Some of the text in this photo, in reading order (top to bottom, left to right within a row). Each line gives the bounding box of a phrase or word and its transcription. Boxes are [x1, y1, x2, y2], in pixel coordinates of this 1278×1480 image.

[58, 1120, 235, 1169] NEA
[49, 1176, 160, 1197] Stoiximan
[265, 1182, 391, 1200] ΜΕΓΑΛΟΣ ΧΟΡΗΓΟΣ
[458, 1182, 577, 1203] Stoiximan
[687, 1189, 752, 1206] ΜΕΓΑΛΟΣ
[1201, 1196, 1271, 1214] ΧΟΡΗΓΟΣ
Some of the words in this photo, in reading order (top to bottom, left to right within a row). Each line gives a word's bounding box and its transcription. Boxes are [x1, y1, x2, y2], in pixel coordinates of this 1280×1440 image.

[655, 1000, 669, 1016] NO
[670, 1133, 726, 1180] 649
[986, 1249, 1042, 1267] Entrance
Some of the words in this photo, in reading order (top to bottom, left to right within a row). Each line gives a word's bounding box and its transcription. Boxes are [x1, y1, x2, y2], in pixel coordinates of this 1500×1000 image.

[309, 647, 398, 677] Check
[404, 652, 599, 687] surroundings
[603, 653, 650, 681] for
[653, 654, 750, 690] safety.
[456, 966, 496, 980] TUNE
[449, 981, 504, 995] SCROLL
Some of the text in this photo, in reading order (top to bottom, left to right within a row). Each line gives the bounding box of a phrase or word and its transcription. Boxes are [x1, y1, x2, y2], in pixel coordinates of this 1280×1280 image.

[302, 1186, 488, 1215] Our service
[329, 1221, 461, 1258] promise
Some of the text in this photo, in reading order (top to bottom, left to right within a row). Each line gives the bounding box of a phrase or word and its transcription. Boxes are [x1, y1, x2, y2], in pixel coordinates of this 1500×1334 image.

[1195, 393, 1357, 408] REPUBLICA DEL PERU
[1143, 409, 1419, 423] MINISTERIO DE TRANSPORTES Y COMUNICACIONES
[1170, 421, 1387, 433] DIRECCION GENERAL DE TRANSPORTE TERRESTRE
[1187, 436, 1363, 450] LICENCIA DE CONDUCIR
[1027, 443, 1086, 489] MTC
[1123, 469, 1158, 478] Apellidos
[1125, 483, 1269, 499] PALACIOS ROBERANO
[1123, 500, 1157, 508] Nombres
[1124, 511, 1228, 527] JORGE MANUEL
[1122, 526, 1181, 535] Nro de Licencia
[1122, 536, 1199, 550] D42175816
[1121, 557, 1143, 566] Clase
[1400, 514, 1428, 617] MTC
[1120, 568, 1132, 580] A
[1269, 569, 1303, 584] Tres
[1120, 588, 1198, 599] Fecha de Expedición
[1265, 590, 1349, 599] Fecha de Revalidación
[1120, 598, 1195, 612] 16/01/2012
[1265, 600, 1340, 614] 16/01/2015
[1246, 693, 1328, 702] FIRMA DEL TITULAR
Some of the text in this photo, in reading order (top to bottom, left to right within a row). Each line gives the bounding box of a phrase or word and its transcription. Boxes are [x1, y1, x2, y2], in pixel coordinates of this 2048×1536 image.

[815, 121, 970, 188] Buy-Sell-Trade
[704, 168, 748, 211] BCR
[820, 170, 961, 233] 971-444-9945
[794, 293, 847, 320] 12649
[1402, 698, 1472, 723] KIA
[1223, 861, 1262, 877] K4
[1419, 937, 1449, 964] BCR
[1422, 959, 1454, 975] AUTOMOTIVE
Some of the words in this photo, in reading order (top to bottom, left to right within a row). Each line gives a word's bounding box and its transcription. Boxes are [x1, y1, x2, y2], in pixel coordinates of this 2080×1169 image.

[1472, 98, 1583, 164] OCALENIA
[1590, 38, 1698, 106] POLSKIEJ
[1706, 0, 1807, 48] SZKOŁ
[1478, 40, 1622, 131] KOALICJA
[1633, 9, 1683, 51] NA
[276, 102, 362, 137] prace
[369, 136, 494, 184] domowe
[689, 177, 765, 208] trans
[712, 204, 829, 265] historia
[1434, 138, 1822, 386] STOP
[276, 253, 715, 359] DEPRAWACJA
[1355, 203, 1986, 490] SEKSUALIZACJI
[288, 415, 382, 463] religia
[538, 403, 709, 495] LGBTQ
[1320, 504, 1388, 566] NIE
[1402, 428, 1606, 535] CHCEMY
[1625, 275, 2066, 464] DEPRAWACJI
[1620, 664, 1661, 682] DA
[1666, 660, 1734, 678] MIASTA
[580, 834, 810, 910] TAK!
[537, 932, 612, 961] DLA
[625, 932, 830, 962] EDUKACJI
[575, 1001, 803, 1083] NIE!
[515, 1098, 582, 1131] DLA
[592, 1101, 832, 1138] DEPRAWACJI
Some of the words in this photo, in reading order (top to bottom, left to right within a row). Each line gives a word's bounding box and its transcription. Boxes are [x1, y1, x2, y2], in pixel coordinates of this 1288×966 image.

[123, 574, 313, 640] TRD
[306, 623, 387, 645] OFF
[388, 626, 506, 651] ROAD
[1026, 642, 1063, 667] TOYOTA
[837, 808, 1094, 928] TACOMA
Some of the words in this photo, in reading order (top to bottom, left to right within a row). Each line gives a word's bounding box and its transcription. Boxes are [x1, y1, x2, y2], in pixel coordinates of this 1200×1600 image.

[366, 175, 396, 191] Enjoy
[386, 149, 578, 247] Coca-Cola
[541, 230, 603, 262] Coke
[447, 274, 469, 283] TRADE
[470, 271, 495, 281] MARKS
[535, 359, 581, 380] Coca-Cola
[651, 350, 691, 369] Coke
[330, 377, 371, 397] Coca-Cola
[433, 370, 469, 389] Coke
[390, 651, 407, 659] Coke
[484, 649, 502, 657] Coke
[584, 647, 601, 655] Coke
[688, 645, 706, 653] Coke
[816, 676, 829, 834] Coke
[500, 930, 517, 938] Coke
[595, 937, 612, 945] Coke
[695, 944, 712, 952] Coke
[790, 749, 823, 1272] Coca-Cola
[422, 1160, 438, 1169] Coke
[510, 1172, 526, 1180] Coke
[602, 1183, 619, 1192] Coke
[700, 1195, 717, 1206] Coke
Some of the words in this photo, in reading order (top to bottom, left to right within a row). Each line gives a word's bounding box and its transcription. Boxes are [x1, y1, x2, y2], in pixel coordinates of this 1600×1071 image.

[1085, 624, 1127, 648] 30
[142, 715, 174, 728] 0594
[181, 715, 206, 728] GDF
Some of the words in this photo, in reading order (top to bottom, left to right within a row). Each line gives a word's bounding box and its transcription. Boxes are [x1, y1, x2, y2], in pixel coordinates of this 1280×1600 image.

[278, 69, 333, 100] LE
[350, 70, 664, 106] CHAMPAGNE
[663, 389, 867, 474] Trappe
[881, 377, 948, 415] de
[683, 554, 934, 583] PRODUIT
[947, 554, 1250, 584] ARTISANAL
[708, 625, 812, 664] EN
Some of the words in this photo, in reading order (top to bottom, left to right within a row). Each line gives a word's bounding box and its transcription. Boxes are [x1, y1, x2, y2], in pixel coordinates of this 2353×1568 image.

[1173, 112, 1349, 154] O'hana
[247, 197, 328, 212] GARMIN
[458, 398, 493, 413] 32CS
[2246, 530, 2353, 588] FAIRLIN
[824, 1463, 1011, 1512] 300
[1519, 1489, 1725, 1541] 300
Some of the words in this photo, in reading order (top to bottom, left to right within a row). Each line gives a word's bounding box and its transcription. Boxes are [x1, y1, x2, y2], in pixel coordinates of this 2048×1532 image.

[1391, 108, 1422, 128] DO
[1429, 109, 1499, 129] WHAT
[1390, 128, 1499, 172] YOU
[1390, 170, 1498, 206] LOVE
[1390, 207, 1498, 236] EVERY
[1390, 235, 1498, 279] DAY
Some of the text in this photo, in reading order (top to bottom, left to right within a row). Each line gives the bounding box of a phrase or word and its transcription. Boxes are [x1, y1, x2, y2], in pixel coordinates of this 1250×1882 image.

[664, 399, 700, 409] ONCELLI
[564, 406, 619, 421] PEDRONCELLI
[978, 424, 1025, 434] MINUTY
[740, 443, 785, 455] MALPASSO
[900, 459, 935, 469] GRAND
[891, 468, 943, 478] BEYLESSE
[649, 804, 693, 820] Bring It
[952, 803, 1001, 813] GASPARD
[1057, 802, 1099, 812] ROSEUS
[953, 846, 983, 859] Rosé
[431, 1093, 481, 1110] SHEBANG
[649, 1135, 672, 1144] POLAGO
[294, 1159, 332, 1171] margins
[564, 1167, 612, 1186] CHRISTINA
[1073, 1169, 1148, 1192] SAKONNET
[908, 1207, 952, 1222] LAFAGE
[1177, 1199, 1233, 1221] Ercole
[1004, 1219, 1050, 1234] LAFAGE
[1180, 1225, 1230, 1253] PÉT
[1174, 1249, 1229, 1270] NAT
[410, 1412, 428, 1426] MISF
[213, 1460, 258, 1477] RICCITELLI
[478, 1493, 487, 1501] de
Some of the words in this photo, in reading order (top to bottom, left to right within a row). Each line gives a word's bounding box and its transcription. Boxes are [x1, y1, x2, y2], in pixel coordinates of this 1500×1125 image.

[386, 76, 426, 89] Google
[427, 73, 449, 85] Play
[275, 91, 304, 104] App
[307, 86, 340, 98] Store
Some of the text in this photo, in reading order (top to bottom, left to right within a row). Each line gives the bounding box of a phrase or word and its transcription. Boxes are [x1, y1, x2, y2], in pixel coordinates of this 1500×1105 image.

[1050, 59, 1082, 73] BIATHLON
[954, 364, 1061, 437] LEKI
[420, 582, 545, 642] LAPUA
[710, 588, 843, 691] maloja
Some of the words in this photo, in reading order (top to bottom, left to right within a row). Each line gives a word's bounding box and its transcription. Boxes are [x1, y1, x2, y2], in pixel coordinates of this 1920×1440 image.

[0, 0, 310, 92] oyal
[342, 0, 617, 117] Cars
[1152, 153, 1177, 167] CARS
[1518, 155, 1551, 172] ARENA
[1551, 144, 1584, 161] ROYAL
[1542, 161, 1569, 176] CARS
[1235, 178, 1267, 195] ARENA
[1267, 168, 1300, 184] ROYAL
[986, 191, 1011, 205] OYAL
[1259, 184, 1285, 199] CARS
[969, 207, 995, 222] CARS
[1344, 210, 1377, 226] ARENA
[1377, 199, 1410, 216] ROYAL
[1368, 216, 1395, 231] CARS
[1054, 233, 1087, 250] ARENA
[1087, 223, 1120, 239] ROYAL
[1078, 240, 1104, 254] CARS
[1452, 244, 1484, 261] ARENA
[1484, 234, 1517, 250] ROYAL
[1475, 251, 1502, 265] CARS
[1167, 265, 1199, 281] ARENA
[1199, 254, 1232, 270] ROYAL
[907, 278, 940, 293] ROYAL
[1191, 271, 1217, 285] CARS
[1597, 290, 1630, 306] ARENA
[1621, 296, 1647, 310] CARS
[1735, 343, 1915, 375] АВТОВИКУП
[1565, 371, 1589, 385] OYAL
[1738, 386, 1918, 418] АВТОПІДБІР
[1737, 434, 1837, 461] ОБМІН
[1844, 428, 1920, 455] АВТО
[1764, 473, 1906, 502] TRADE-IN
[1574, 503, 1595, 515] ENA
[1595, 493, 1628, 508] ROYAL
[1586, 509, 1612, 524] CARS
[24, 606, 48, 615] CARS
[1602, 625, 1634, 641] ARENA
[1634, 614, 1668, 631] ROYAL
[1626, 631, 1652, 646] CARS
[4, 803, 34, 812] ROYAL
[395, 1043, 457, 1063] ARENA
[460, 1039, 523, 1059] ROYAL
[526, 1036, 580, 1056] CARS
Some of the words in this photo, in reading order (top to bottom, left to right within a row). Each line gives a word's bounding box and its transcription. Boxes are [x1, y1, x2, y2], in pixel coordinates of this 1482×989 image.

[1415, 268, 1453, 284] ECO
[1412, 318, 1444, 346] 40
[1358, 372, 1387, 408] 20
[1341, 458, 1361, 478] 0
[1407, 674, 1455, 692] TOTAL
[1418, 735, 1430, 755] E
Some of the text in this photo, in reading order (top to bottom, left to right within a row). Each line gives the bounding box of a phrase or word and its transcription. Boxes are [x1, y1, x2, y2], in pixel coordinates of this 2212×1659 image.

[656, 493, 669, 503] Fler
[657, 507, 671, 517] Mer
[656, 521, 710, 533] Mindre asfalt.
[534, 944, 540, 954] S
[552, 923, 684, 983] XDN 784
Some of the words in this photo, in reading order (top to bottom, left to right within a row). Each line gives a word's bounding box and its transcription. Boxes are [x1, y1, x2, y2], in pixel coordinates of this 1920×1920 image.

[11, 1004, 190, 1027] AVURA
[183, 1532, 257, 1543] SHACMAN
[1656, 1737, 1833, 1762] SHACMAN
══════════
Exactly the lines from the one holding "this 1920×1920 image." through the end of the data are to be repeated, with both ends included.

Response box =
Some of the words in this photo, in reading order (top to bottom, left to right within a row). Each line gives a word's bounding box and its transcription. Boxes are [x1, y1, x2, y2], in pixel coordinates of this 1920×1920 image.

[11, 1004, 190, 1027] AVURA
[183, 1532, 257, 1543] SHACMAN
[1656, 1737, 1833, 1762] SHACMAN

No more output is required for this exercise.